Every person who mentions this is immediately labeled by the hacks taking payoffs from the health-care industry as "liberals", "socialists" or even "communists". The Rebublicans are especially great at throwing around labels derisively, and the Democrats (who are also getting paid off) make supportive statements while doing nothing of substance to fix this broken system. Make no mistake, as long as lobbying is allowed, there is no way we can get universal health care coverage or affordable medical insurance, because Congress will not vote against their own financial interests.
 
  • #3
before anyone even mentions it, the US would SAVE the government money by creating a universal health system.

gravenewworld said:
After seeing what medical care is like in Canada, Britain, France, and even freakin' CUBA, universal health care looks pretty attractive.

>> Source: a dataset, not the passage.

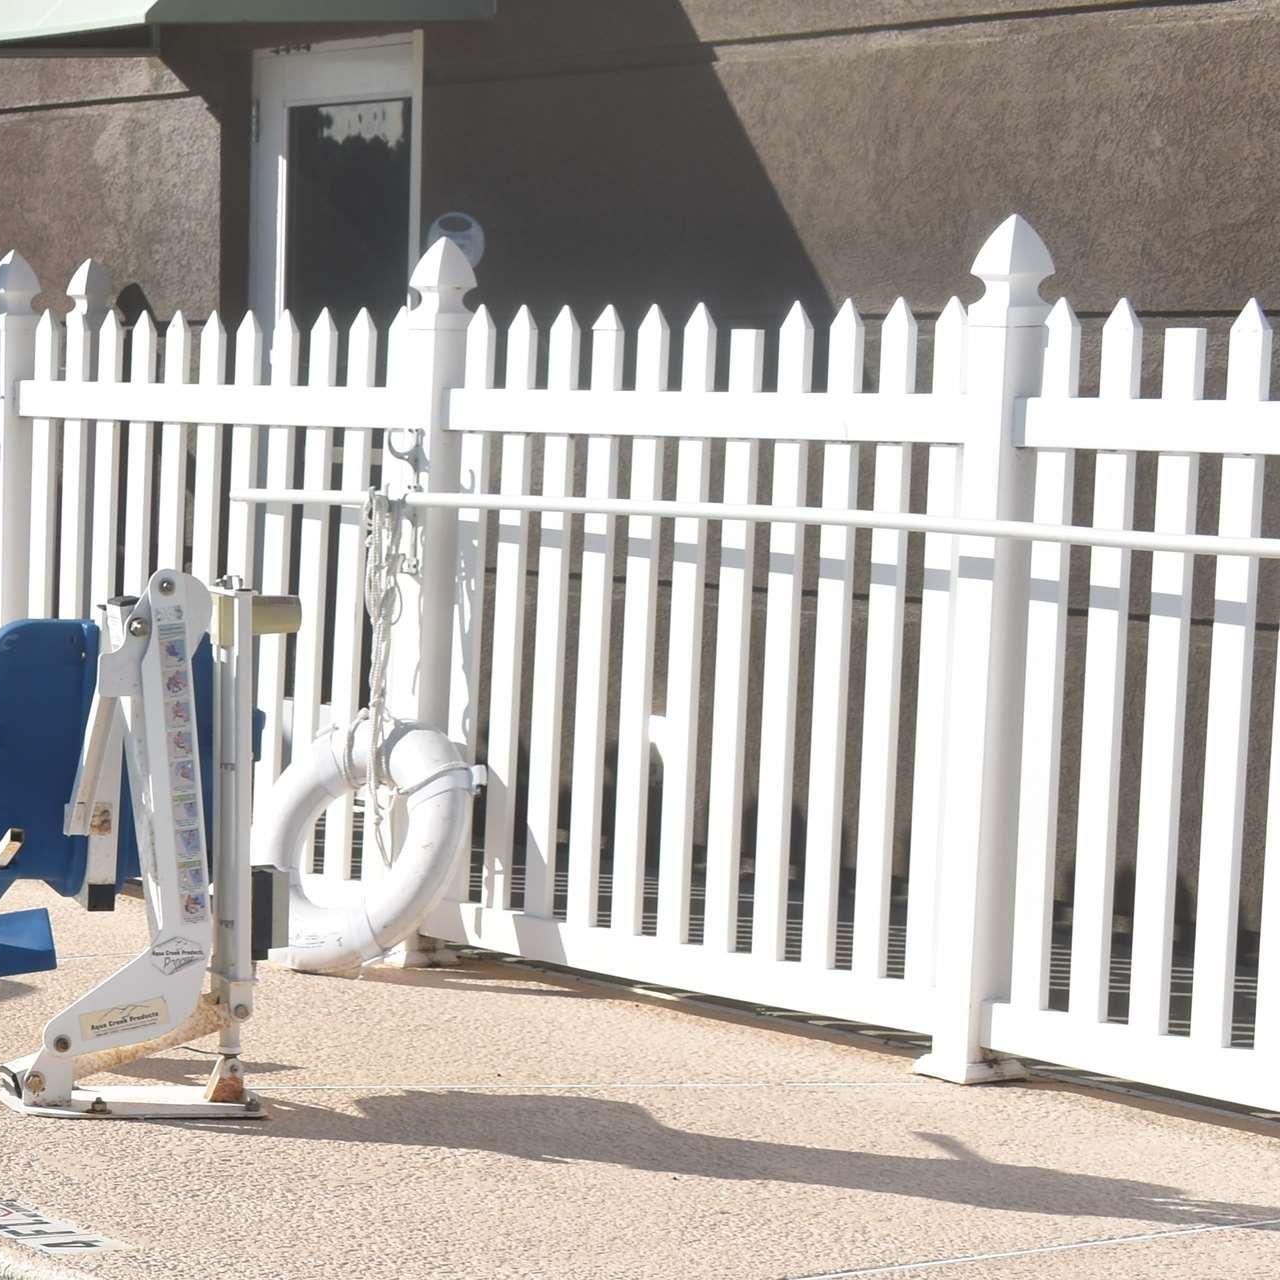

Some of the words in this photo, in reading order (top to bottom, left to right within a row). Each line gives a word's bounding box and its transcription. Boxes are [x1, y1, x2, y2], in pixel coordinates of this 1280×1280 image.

oh NO, you don't mean SOCIALIZED medicine do you? don't you know communism failed?? :rolleyes::wink:
 
  • #5
I haven't seen the movie, but I have seen enough nightmare stories on Yankee TV to be grateful every day that I live up here.
(Incidentally, Michael Moore stashed a copy of the film up here because he's sure that the US government would confiscate it and destroy at least the Cuban segments.)
 
  • #6
Thailand and India are actually advertising for people to come to them for inexpensive medical care. The term Medical tourism is used.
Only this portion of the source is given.